Write the data out in full and word for word. Do not include images.

Stored data entries>
━━━━━━━━━━━━━━━━━━━━━━━━━━━━━━

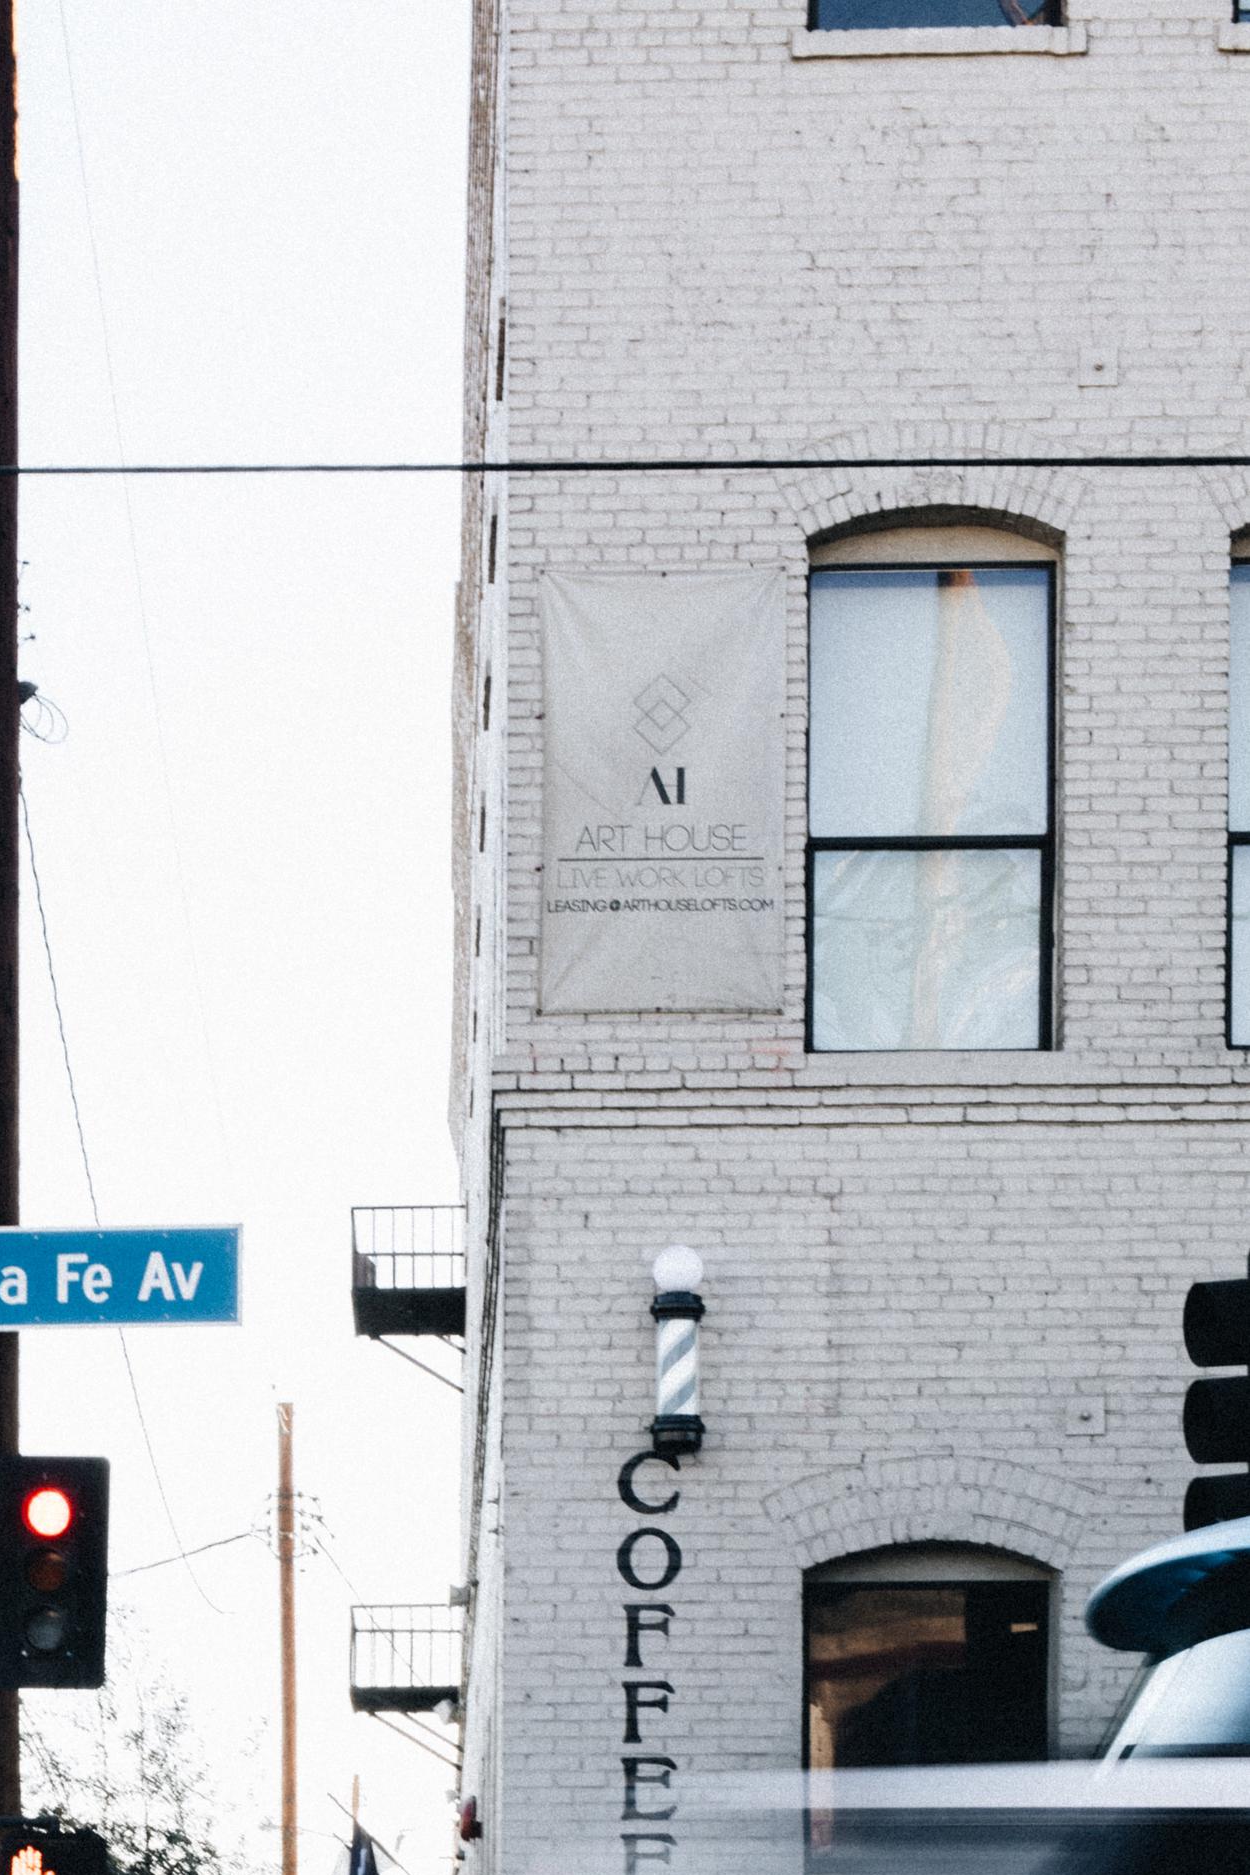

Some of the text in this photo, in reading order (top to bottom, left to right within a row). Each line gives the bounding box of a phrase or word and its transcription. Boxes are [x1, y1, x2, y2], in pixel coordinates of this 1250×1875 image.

[575, 824, 749, 852] ART HOUSE
[556, 865, 766, 889] LIVE WORK LOFTS
[55, 1253, 113, 1304] Fe
[137, 1251, 204, 1302] Av
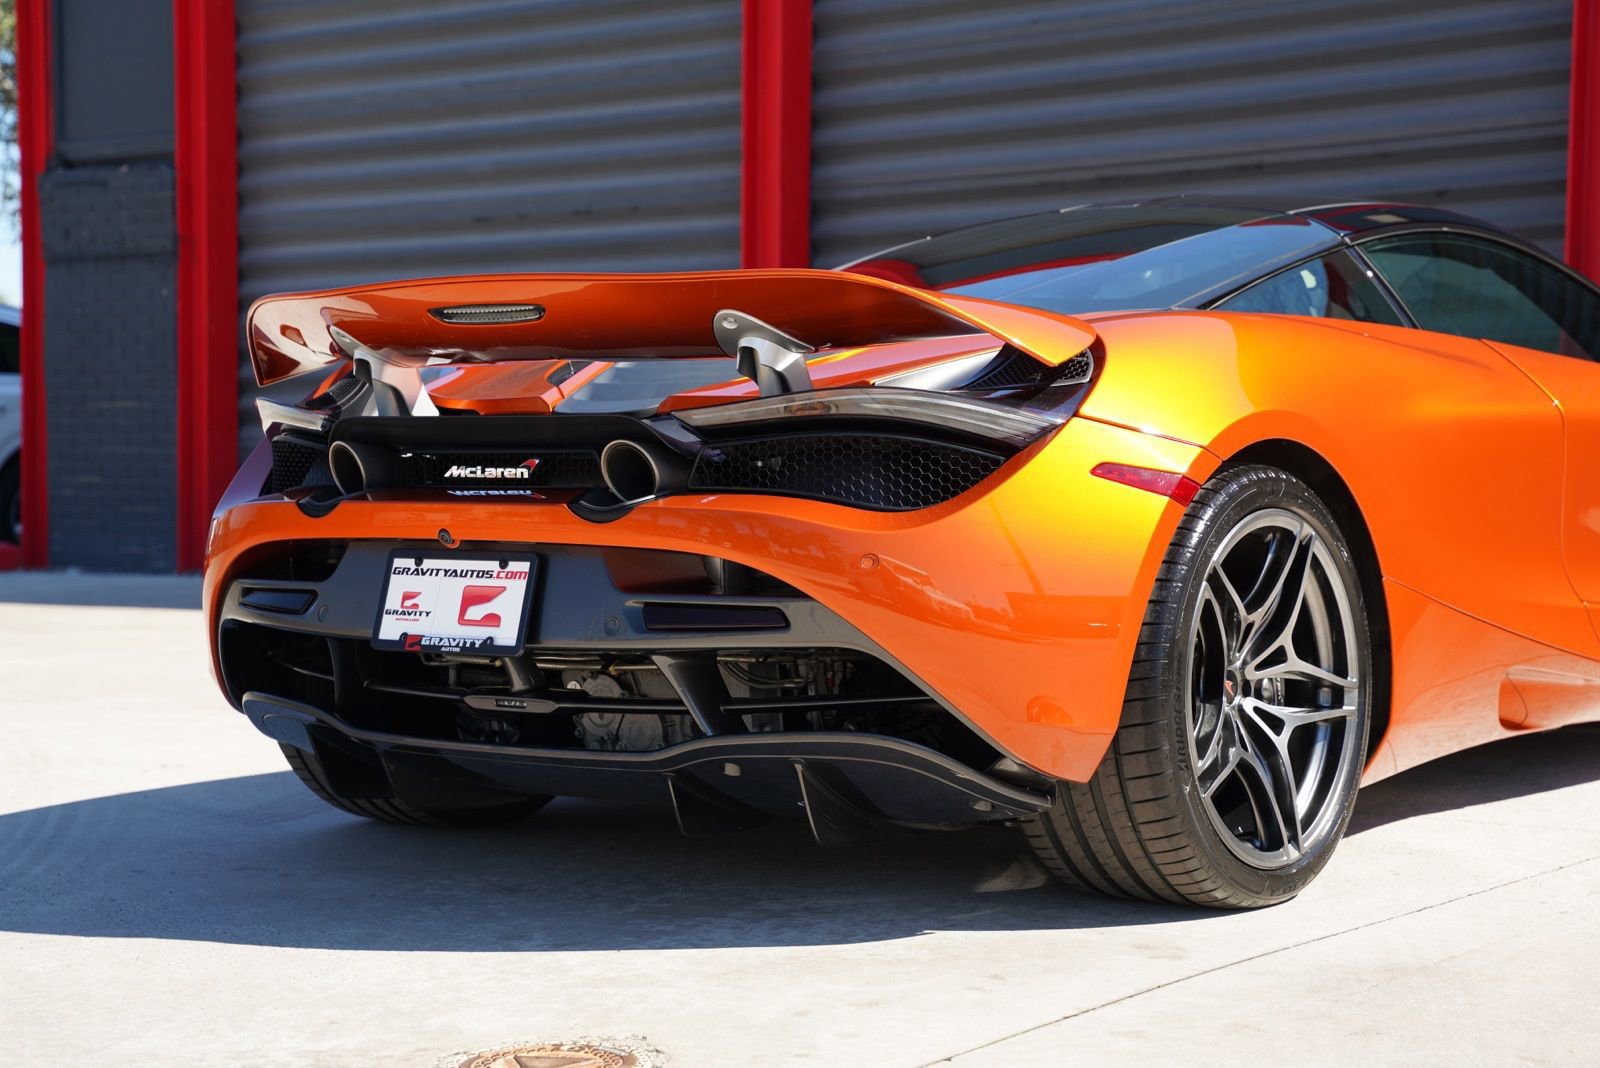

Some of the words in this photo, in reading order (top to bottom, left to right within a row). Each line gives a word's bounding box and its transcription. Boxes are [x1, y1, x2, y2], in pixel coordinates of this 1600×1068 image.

[444, 465, 529, 479] McLaren
[392, 566, 529, 580] GRAVITYAUTOS.COM
[384, 608, 432, 618] GRAVITY
[421, 636, 484, 648] GRAVITY
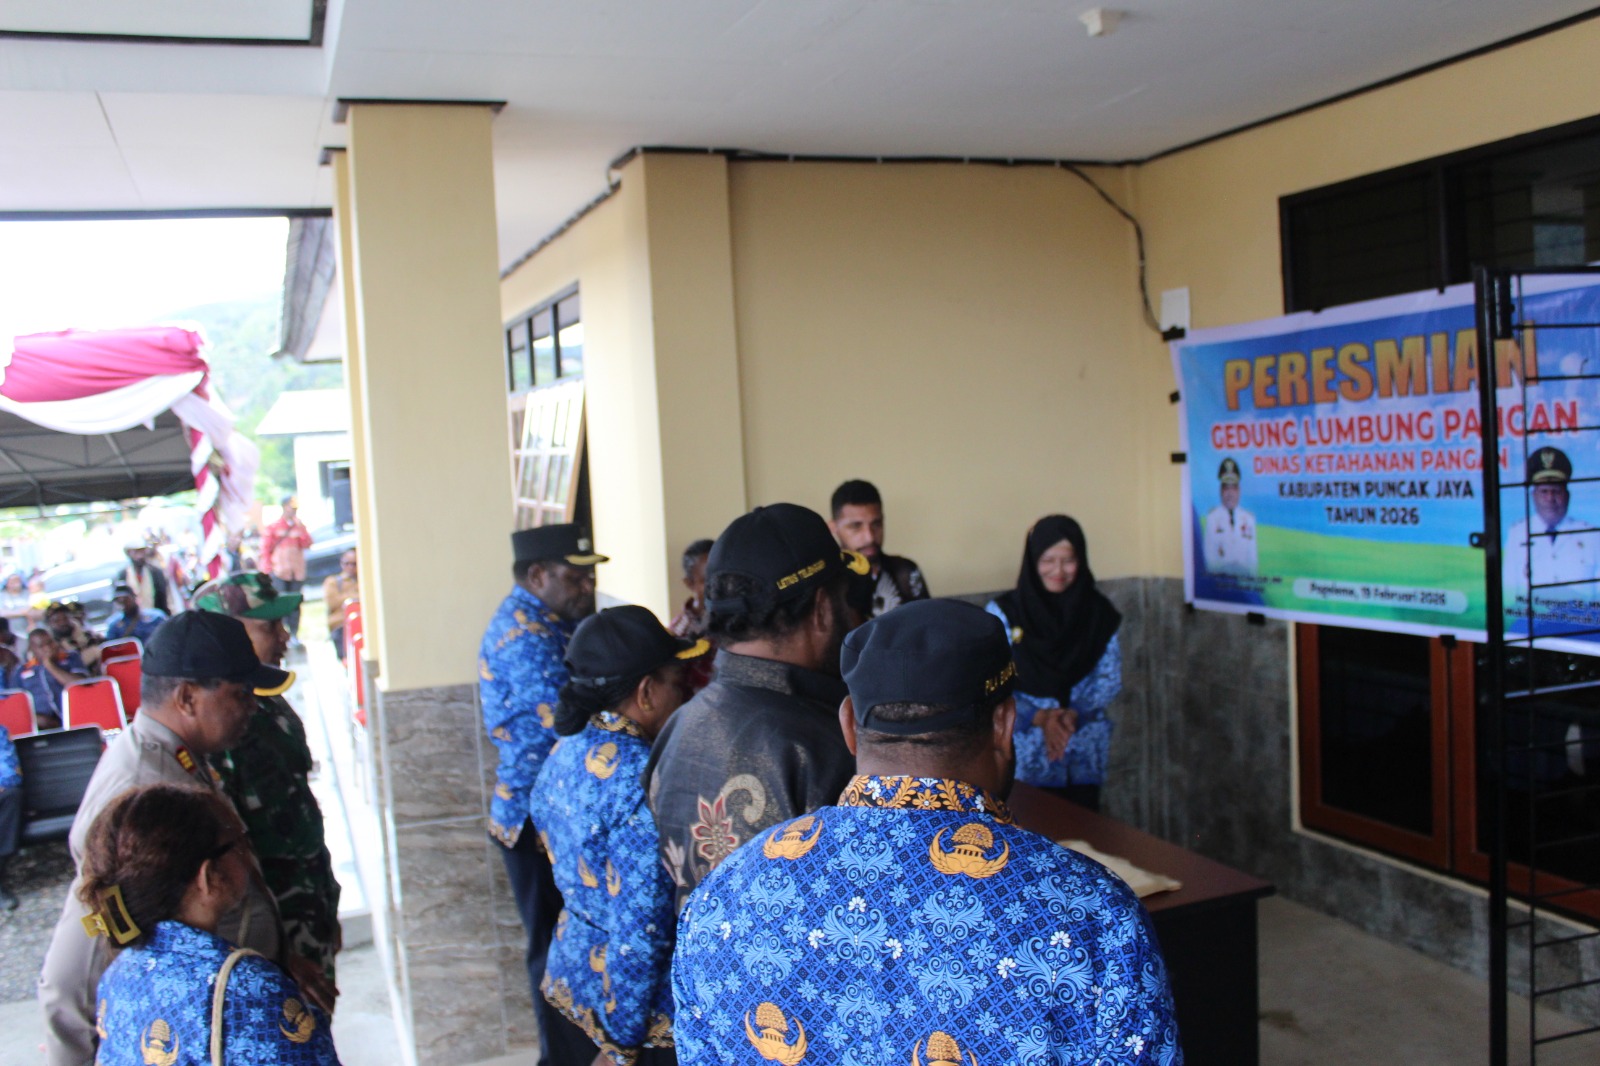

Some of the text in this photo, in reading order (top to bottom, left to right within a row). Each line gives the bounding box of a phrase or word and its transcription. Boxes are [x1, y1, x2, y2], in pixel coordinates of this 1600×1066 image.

[1224, 321, 1538, 412] PERESMIAN
[1211, 420, 1298, 449] GEDUNG
[1304, 412, 1434, 446] LUMBUNG
[1253, 454, 1300, 474] DINAS
[1305, 451, 1415, 474] KETAHANAN
[1278, 480, 1474, 499] KABUPATEN PUNCAK JAYA
[1326, 507, 1420, 525] TAHUN 2026
[1374, 587, 1417, 603] Februari
[1420, 590, 1447, 606] 2026
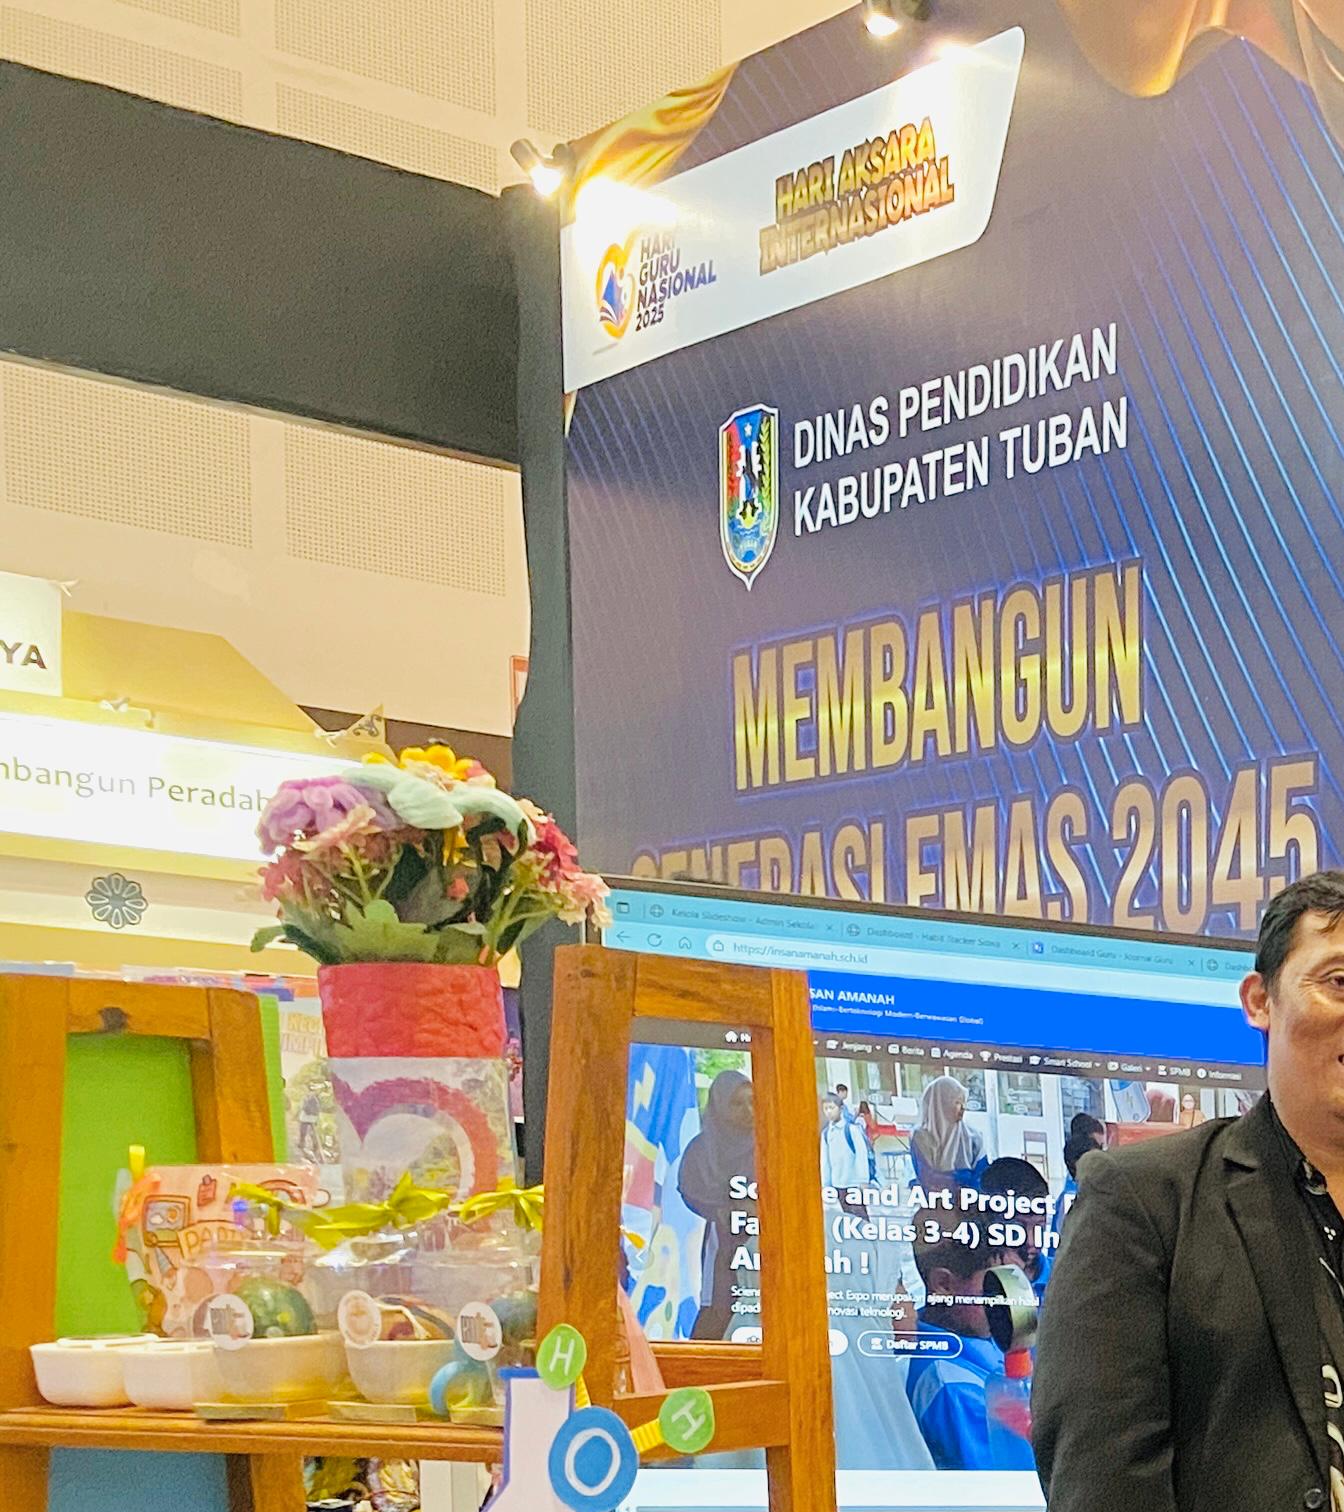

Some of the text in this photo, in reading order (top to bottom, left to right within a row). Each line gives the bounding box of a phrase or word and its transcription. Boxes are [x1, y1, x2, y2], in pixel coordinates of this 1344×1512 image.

━━━━━━━━━━━━━━━━━━━━━━━━━━━━━━

SOLUTION>
Some of the text in this photo, in reading order (top to bottom, left to right within a row). Each line gives the bounding box of a phrase or word and its transcription. Boxes are [x1, y1, x2, y2], in pixel coordinates of this 1250×1875 image.

[575, 824, 749, 852] ART HOUSE
[556, 865, 766, 889] LIVE WORK LOFTS
[55, 1253, 113, 1304] Fe
[137, 1251, 204, 1302] Av

Some of the words in this photo, in reading order (top to bottom, left to right within a row). Each line gives a word's bounding box and its transcription. Boxes are [x1, y1, x2, y2], in pixel coordinates of this 1600×1068 image.

[444, 465, 529, 479] McLaren
[392, 566, 529, 580] GRAVITYAUTOS.COM
[384, 608, 432, 618] GRAVITY
[421, 636, 484, 648] GRAVITY

Some of the text in this photo, in reading order (top to bottom, left to right within a row). Each line gives the bounding box of a phrase or word and its transcription. Boxes are [x1, y1, x2, y2], in pixel coordinates of this 1600×1066 image.

[1224, 321, 1538, 412] PERESMIAN
[1211, 420, 1298, 449] GEDUNG
[1304, 412, 1434, 446] LUMBUNG
[1253, 454, 1300, 474] DINAS
[1305, 451, 1415, 474] KETAHANAN
[1278, 480, 1474, 499] KABUPATEN PUNCAK JAYA
[1326, 507, 1420, 525] TAHUN 2026
[1374, 587, 1417, 603] Februari
[1420, 590, 1447, 606] 2026

Some of the text in this photo, in reading order (top to bottom, left to right within a row). Each line gives the bounding box of a phrase or word and its transcription. Boxes are [x1, y1, x2, y2], in pixel coordinates of this 1344×1512 image.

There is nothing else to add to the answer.